> **WHAT IS EXPECTED**
Output exactly the span of lines beginning with the one that holds "this 1080×1620 image." and ending with the last line of the data below.

[Records from a data source]
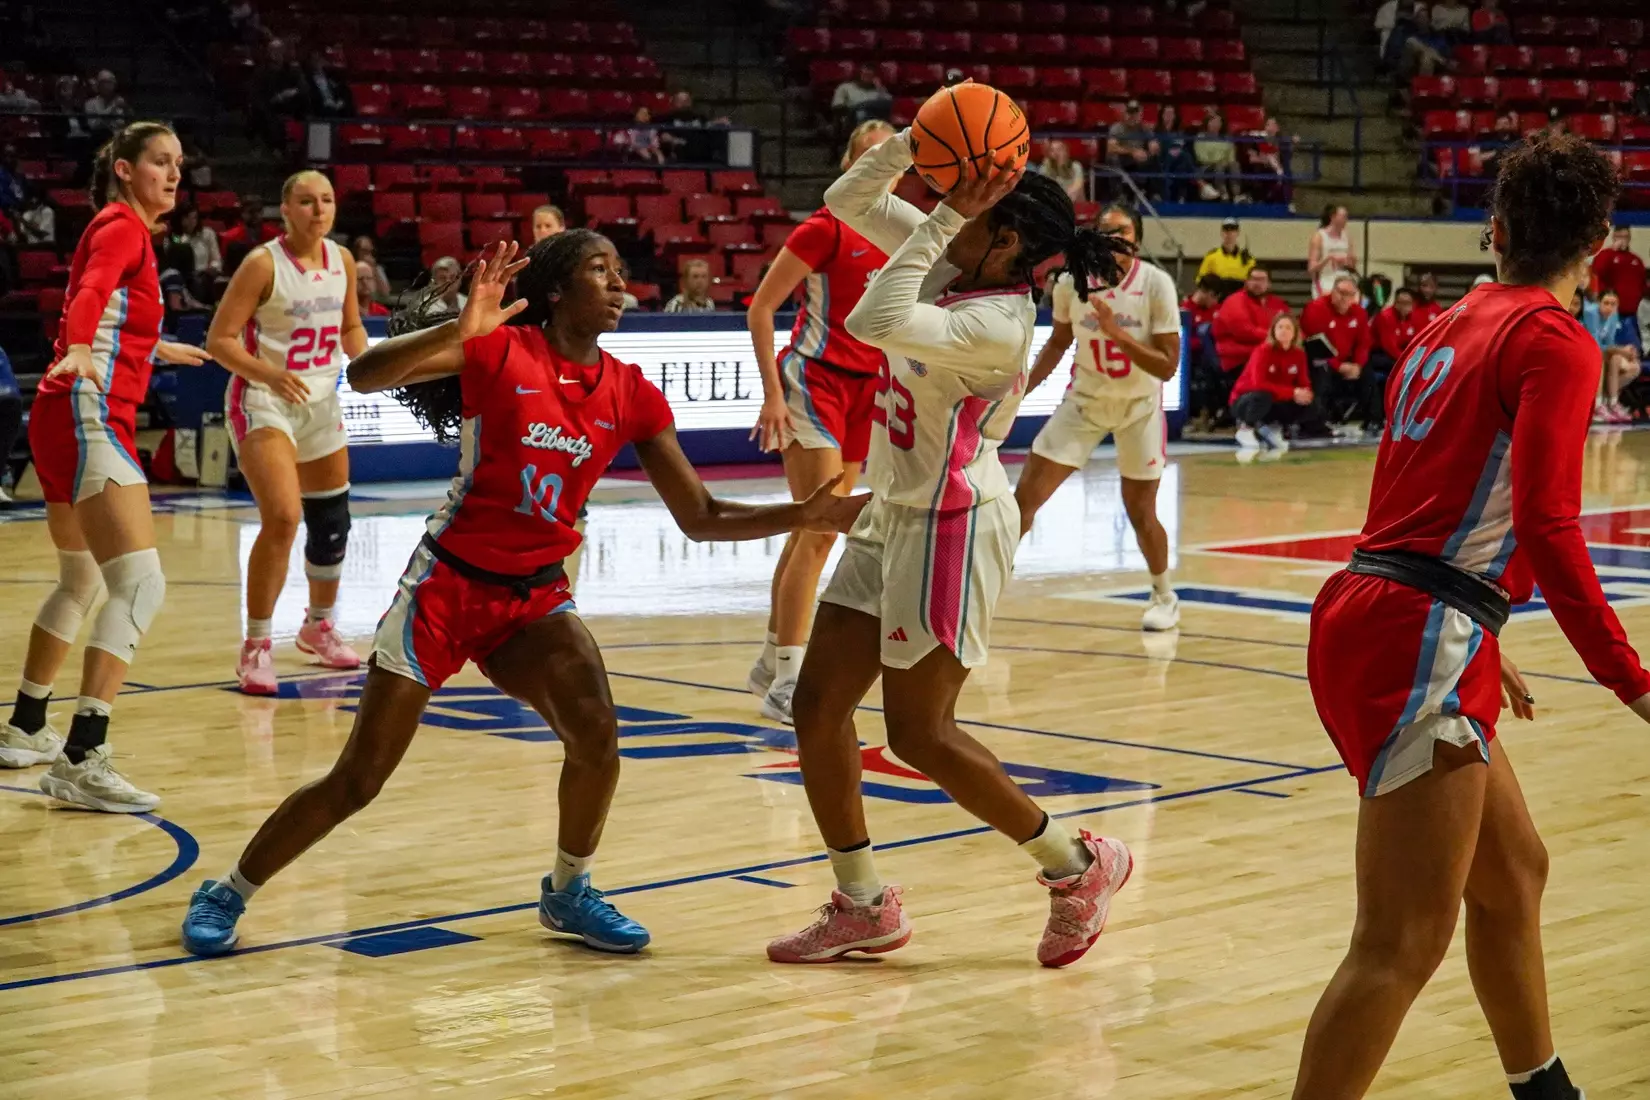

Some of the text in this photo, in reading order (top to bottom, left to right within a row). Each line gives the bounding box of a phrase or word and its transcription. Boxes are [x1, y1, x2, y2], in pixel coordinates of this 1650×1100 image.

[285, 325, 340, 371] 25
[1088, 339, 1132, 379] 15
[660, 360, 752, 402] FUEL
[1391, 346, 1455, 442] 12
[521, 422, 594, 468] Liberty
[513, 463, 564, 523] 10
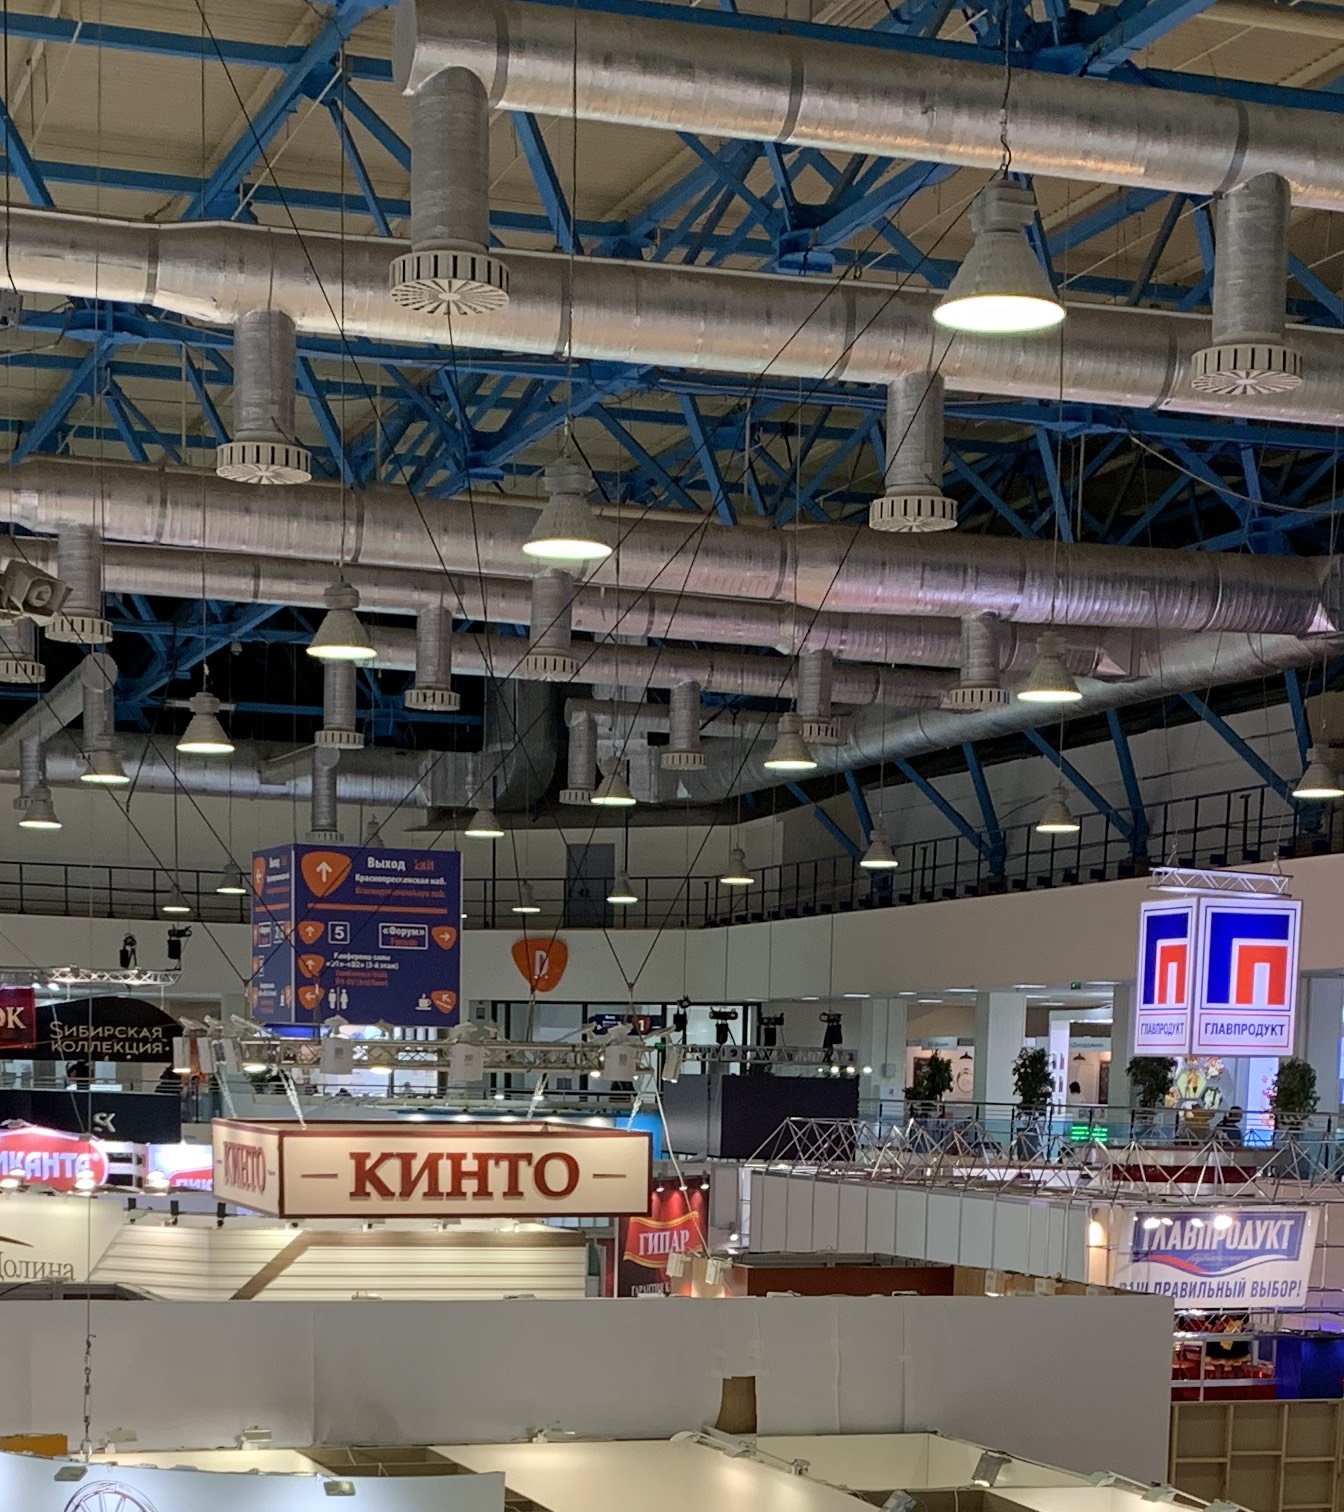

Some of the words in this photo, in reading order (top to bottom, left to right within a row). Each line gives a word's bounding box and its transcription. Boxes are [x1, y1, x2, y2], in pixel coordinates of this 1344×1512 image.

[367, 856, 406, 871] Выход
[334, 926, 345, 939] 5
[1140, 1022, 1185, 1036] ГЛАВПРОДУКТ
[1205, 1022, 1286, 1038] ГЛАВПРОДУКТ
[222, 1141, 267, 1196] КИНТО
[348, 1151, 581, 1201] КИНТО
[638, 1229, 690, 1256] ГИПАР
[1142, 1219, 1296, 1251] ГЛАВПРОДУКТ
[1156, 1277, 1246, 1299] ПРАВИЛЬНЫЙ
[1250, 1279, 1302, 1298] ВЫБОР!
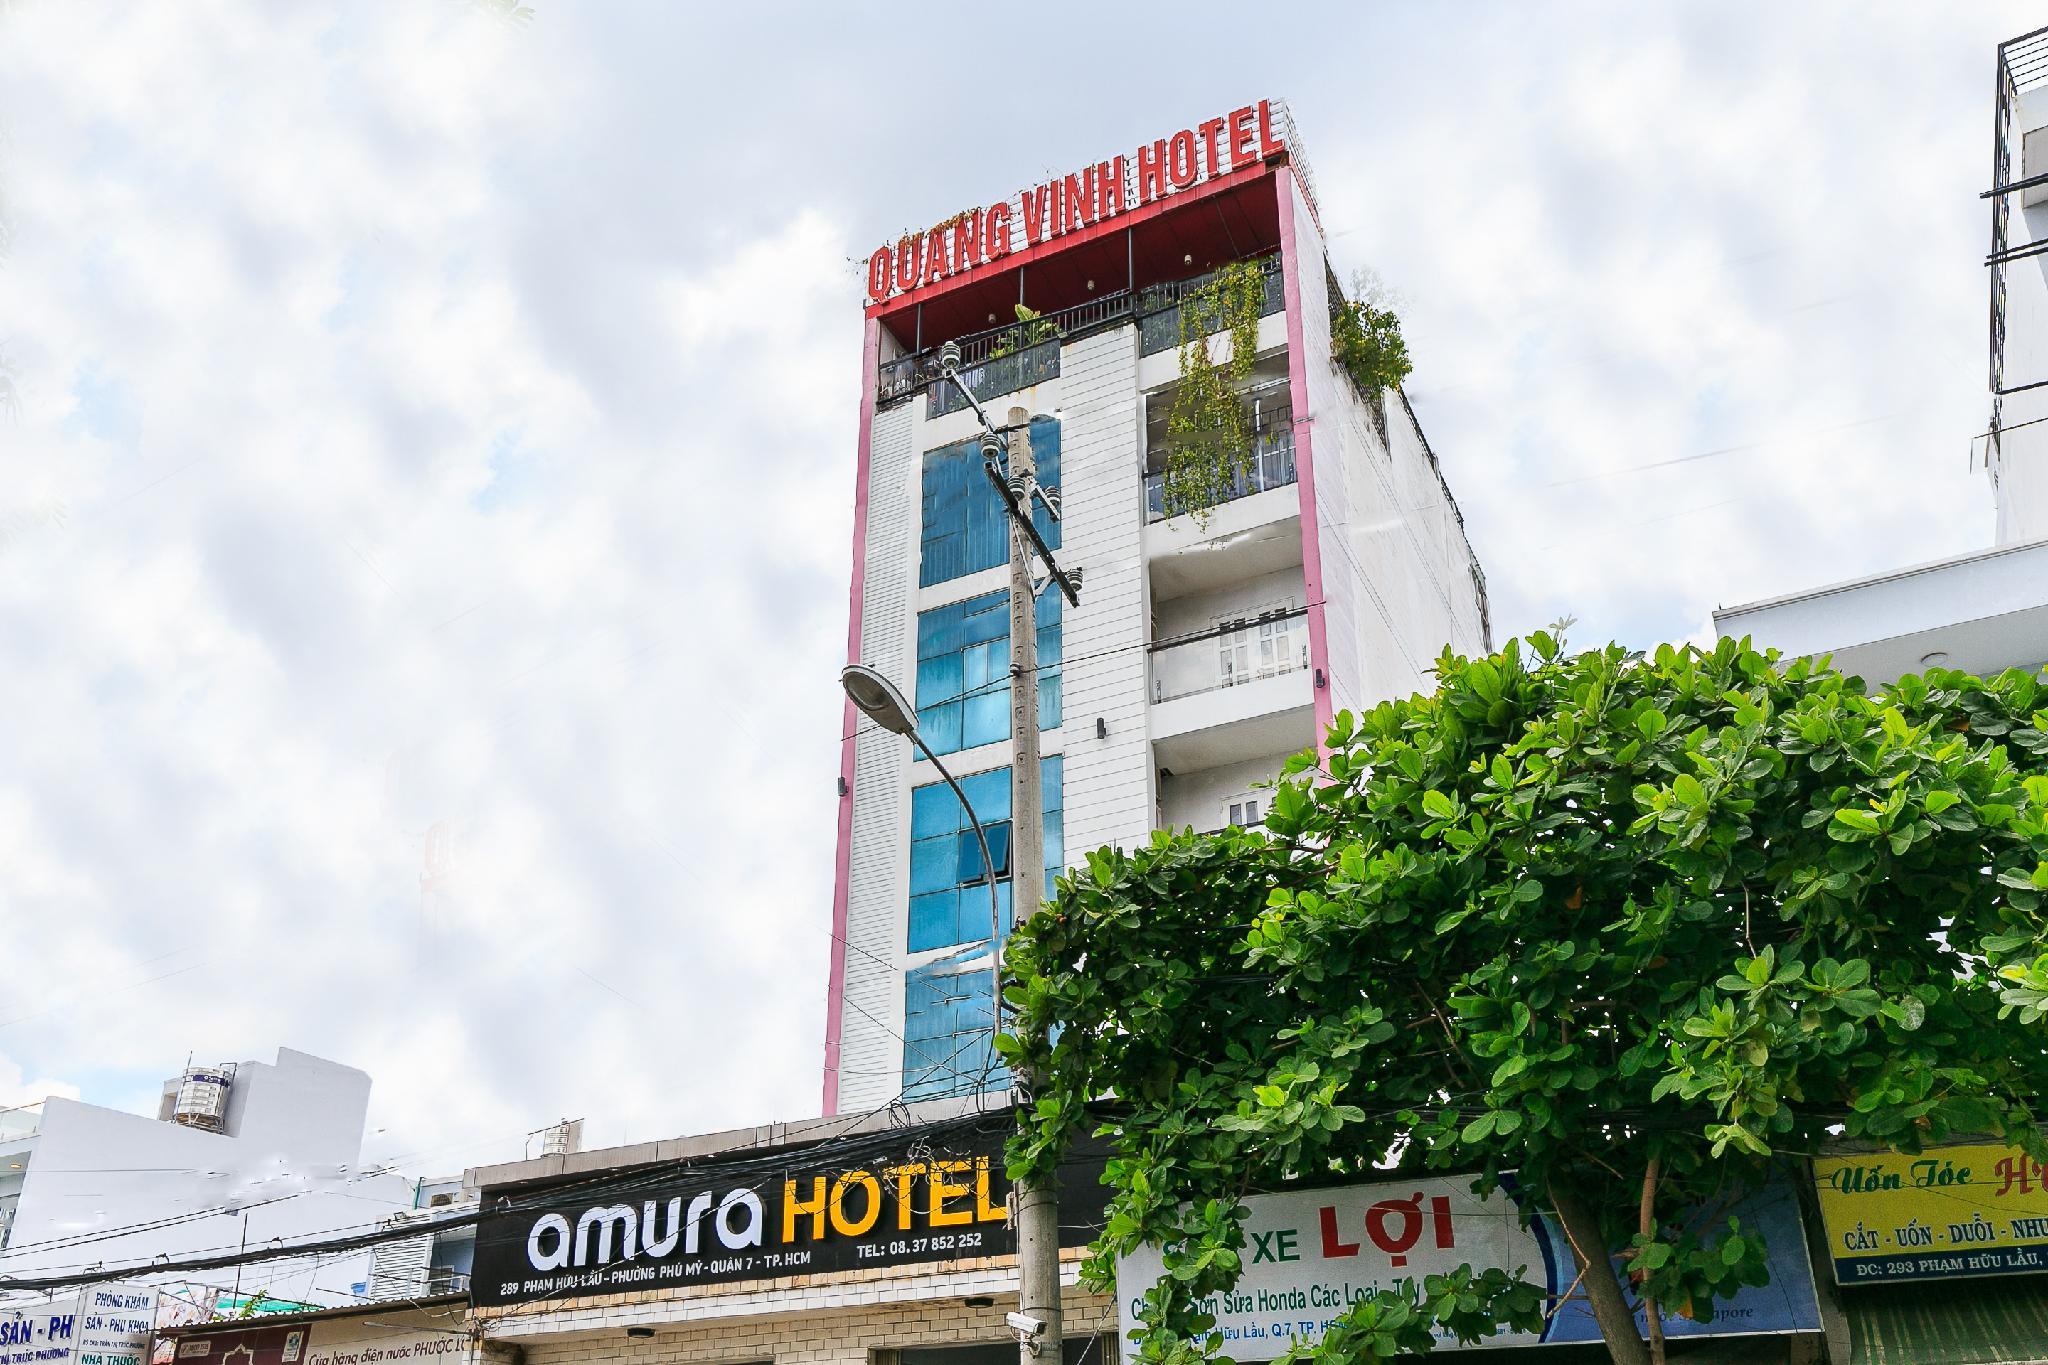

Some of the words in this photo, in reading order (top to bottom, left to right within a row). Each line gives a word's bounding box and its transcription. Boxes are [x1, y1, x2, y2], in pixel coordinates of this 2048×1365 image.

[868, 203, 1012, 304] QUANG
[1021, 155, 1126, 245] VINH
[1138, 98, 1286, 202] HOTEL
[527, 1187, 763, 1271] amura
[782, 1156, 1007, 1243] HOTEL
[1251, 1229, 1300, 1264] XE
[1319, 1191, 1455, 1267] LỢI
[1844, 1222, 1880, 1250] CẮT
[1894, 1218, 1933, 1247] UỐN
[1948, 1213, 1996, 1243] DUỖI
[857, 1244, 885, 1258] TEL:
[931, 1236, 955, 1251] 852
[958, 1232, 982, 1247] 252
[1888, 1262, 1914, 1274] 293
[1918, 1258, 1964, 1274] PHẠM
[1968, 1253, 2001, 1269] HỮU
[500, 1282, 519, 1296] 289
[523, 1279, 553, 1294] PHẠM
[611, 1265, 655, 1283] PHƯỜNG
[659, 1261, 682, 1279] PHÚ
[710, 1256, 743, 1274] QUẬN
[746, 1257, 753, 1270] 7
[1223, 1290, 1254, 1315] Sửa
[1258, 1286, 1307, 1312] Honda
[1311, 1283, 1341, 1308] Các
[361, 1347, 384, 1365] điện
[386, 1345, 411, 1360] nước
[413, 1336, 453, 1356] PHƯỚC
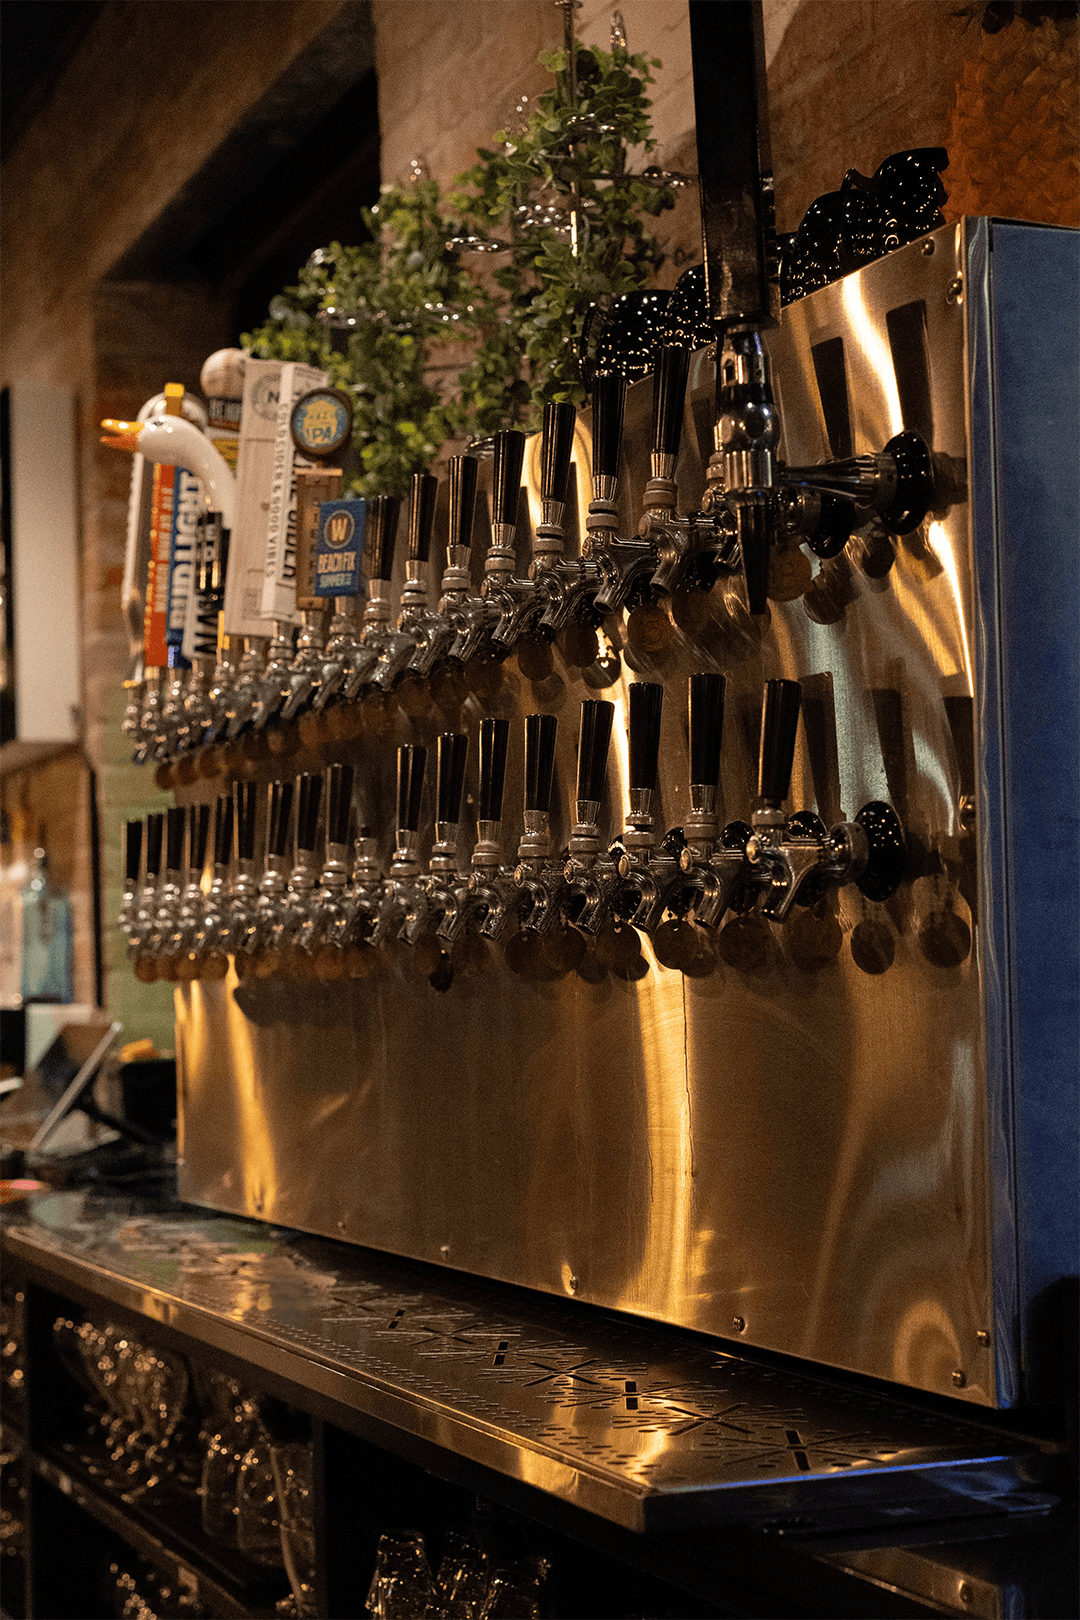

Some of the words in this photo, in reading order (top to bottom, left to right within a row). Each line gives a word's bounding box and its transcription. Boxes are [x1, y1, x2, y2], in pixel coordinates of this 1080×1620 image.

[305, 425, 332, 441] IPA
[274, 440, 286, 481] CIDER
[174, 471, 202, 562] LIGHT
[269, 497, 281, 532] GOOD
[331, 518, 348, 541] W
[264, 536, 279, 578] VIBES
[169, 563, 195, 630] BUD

> **OUTPUT**
Some of the words in this photo, in reading order (top to bottom, left to right within a row). Each line gives a word's bounding box and its transcription. Boxes are [x1, y1, x2, y2], in pixel coordinates of this 1080×1620 image.

[305, 425, 332, 441] IPA
[274, 440, 286, 481] CIDER
[174, 471, 202, 562] LIGHT
[269, 497, 281, 532] GOOD
[331, 518, 348, 541] W
[264, 536, 279, 578] VIBES
[169, 563, 195, 630] BUD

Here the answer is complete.